Shut out: No Audi, Skoda or Volkswagen vehicles will be assessed in the AAA Best Cars program this year, as the emissions scandal continues to emerge.

AAA Best Cars program postponed in wake of VW diesel emissions scandal

11 Nov 2015

THE Australian Automobile Association (AAA) has excluded all Audi, Volkswagen and Skoda vehicles from this year's Best Cars appraisal program, following the discovery of the now widely documented emissions cheating “defeat device”.

In light of the developing scandal, the AAA Board has postponed the program to reconsider criteria it uses to critically appraise vehicles nominated in the annual assessment.

The program was due to launch this month but the extra time required to reshape assessment process and guidelines has pushed the start date to the New Year.

In a statement, AAA chief executive officer Michael Bradley said that given the extent of the still emerging scandal, it would not be fair to include any vehicles suspected of using the evasive software.

“The AAA Board is of the opinion that the program cannot accurately or fairly assess Volkswagen Group vehicles against each criterion and as a result, no Volkswagen, Audi, or Skoda vehicles are able to be considered in this year’s program,” he said.

The Best Cars program assesses more than 200 cars each year and provides the public with scores relating to value for money, design, function and performance – the latter category includes the consideration of emissions.

Mr Bradley goes on to explain that the organisation would take the time it needs to evolve its evaluation strategy in an effort to maintain the trustworthiness and reputation it had worked hard to forge with Australian motorists.

80 center imageLeft: AAA CEO Michael Bradley.

“The Australia's Best Cars program prides itself on being the largest independent automobile assessment and awards program in Australia, evaluated by judges who together have more than 200 years of experience in the industry and spend more than 7000 hours on the road every year testing new cars.

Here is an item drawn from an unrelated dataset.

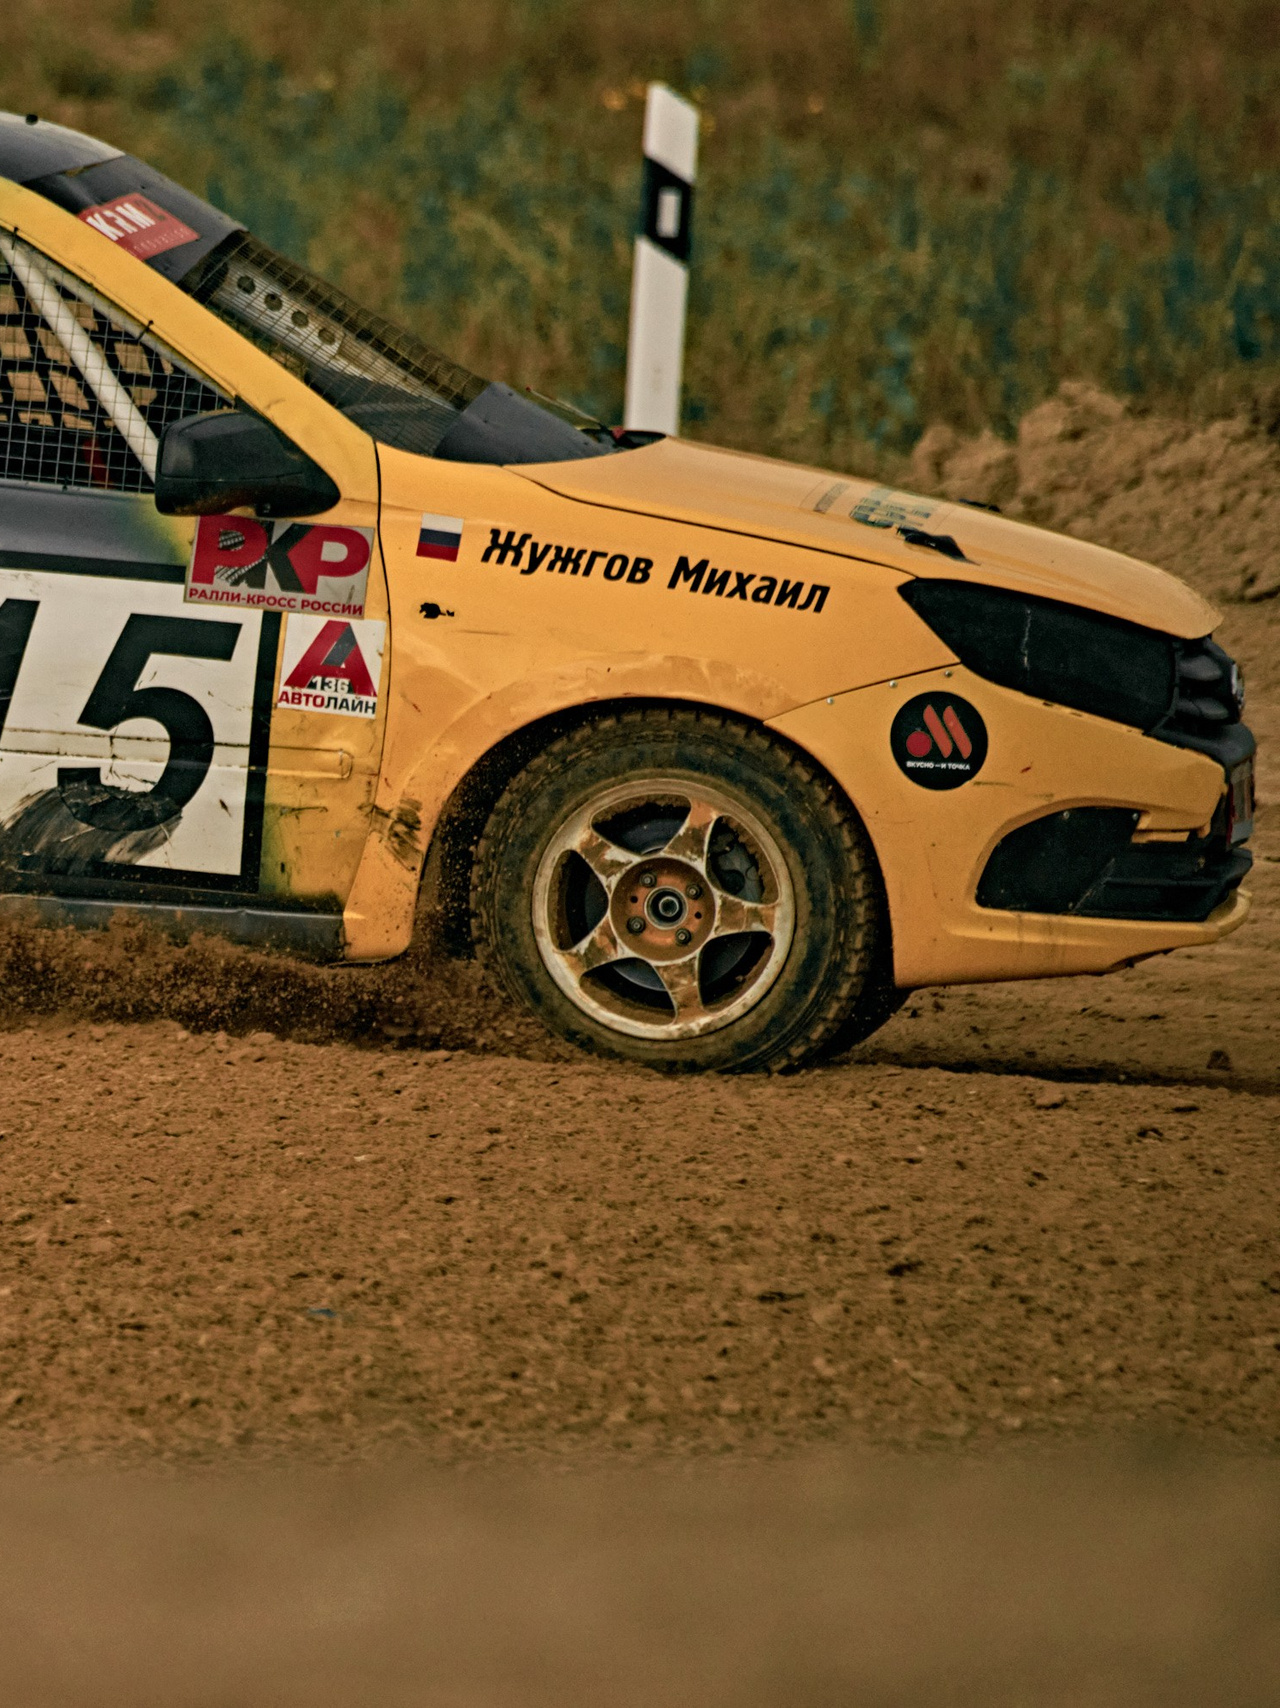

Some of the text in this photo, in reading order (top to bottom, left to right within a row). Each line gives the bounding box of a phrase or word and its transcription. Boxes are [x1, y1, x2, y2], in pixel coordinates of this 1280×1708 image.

“It is a robust information source available to the more than seven million Australians who are today members of AAA clubs and the delivery of credible and reliable information is of the utmost importance to the AAA Board.”

The emissions deception, which started with the discovery that some 2.0-litre diesel powered Volkwagens has since spread to Audi, Skoda and Porsche models.

Most recently, the ongoing investigations have unearthed efforts by the Volkswagen Group to evade C02 emissions test in petrol models as well as compression ignition engines – a factor influencing the AAA's decision to re evaluate its 2015 program.

To date more than 11 million vehicles have been implicated in the scandal with about 100,000 of those located in Australia. The more recent C02 “irregularities” have potentially added another 800,000 to the global figure.

The AAA is the peak organisation for Australia's various state- and territory-based motoring clubs.